Длинноногая блондинка не оценила его старомодного юмора, передернула плечиками и скрылась за дверью кабинета своей начальницы.
Она отсутствовала не больше минуты, тут же вернулась, причем несколько заинтригованная.
- Можете проходить, - пригласила она, окинув Позднякова взглядом сверху вниз.
- Благодарю вас, вы очень любезны, - отозвался Николай Степанович, как по писаному, сам удивляясь собственной галантности.
Длинноножка хмыкнула и щелкнула длинным ногтем по клавише стоявшего на ее секретарском столе компьютера. По дисплею немедленно побежали буковки, похожие на трудолюбивых муравьев.
Госпожа Шихт - а в данном случае это обращение само напрашивалось - уже не выглядела убитой горем, как накануне. Она сидела в большом, шикарно обставленном кабинете, являя собой типичный образчик американизированной деловой женщины, счастливо перенесенный на щедро удобренную рыночными реформами российскую почву.

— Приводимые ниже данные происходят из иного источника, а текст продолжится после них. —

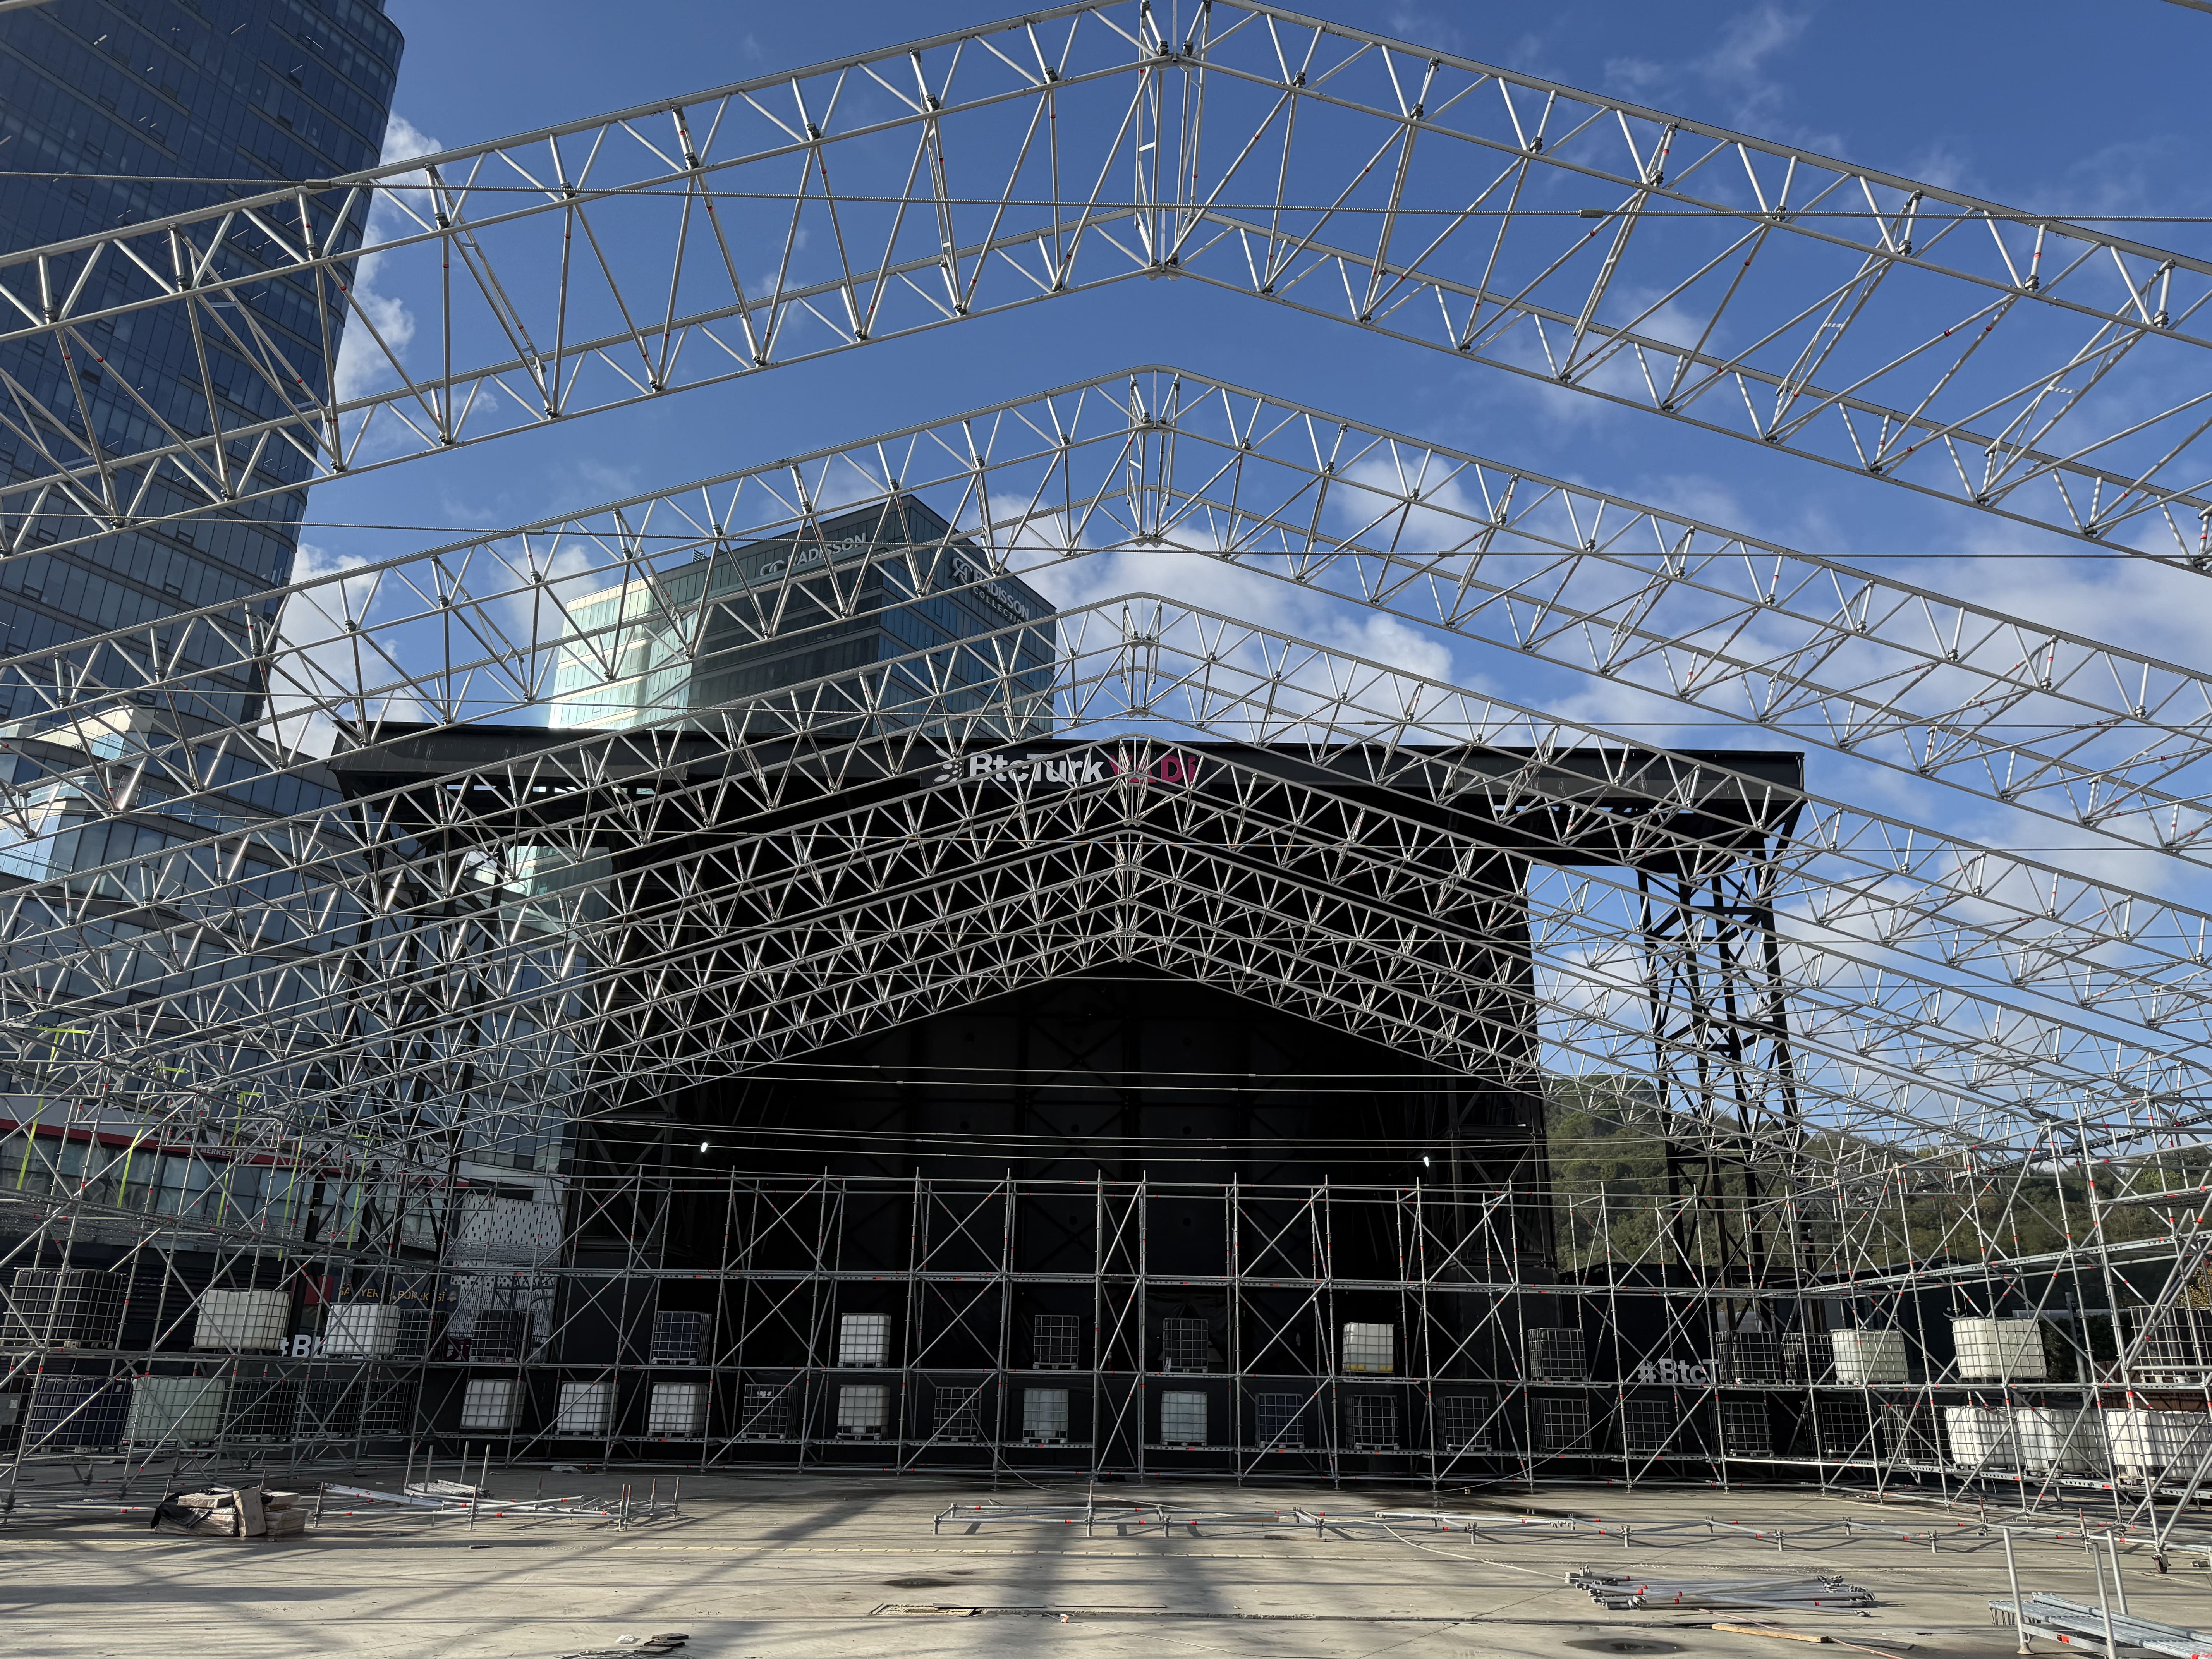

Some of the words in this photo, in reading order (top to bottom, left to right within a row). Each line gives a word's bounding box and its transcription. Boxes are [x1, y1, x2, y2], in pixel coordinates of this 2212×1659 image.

Виолетта Шихт тронула наманикюренными пальчиками оправу красивых очков и эффектно выбросила вперед нежную длань, покрытую загаром, по-видимому, средиземноморского происхождения.
- Садитесь, прошу вас.
Прежде чем воспользоваться вежливым приглашением, Позднякову пришлось преодолеть изрядное расстояние от двери до стола Виолетты Шихт, владелицы известного в Москве Дома моделей. Он шел в своем сереньком костюмчике, который купил по случаю еще во времена тотального дефицита, когда хватали все подряд, и который он не менял вовсе не потому, что не было денег. Просто он никогда не придавал значения одежде, но сейчас нутром чувствовал, как падал его рейтинг в глазах этой профессиональной жрицы моды.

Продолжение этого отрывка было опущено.